Crap, yeah, I used the wedgie weighting on the vals by mistake.

>I don't get the "wedged weighted vals, 1/(p0+p1) etc." thing. How are
>you weighting the individual vals so as to get that result when you
>wedge them?

Totally incorrectly. Here is the corrected table

2.3.5 81/80
weighted wedgie 1.2311451463736638
wedged weighted vals 1.2311451463736638
weighted wedgie, 1/(p0+p1) etc. 0.9394665497911078
2.9.5 81/80
weighted wedgie 0.6155725731868319
wedged weighted vals 0.6155725731868319
weighted wedgie, 1/(p0+p1) etc. 0.5628742631174743

Thanks for looking at this.

-Carl

🔗Mike Battaglia <battaglia01@gmail.com>

11/8/2012 2:56:58 PM

On Thu, Nov 8, 2012 at 5:41 PM, Carl Lumma <carl@lumma.org> wrote:
>
> Crap, yeah, I used the wedgie weighting on the vals by mistake.

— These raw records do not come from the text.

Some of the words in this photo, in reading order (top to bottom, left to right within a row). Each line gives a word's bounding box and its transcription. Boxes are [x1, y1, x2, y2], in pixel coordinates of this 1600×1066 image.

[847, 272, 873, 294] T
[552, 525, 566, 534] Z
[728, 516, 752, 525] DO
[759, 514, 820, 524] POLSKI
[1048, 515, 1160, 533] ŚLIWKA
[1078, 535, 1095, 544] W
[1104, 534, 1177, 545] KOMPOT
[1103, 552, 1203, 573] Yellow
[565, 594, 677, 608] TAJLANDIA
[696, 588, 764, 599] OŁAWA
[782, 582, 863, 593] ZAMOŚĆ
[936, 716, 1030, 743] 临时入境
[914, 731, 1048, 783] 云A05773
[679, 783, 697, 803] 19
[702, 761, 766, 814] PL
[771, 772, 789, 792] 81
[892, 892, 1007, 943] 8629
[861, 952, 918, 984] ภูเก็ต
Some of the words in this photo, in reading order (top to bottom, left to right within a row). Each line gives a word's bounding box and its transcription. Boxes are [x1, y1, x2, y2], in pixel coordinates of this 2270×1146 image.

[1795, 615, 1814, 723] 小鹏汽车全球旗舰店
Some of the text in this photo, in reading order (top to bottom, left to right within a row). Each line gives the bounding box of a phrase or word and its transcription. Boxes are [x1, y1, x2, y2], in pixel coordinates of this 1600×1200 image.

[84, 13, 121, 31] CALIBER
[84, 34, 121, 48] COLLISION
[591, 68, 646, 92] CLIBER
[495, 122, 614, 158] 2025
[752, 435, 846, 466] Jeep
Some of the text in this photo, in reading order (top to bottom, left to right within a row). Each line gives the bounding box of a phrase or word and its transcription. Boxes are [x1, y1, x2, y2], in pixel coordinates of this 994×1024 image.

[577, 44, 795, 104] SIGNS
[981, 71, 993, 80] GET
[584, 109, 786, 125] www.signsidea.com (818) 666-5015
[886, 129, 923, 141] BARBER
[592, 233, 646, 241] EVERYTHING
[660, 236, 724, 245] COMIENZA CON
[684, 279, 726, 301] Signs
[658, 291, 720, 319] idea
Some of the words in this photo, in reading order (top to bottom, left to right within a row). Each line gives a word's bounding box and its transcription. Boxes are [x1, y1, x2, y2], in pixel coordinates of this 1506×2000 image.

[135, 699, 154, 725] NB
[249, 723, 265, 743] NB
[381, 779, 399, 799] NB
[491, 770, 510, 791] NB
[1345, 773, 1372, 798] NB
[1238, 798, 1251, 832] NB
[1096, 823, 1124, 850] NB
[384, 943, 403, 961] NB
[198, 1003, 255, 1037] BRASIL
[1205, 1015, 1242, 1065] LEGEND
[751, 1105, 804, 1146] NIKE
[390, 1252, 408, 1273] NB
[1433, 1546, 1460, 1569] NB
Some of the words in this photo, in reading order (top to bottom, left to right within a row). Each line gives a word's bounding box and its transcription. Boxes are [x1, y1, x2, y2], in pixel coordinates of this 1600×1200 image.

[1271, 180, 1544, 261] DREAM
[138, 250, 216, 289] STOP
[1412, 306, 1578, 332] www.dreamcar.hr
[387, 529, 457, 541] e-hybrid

There you go. So then, to address this:

> The only one of these with a theoretical justification known to
> me is plain "weighted wedgie", and that gives the 'unwanted'
> result that the 2.9.5-based temperament is half as complex. And
> none of the rest helps.

So weighted wedgie and wedged weighted vals are the same thing, as you
know. What you've computed here is basically 1/sqrt(3) times the
natural norm induced on multivals that you get if you put the TE norm
on monzos. This is indeed one thing with some sort of theoretical
justification; what its exact interpretation is is something that I'm
still figuring out. That'll probably be my next post on this topic.

The thing which you were advocating for, however, is slightly
different. Try taking various types of weighted norm of |-4 4 -1>
under both subgroups and you'll see it works out to be the same. This
is a second type of complexity which is also theoretically justified.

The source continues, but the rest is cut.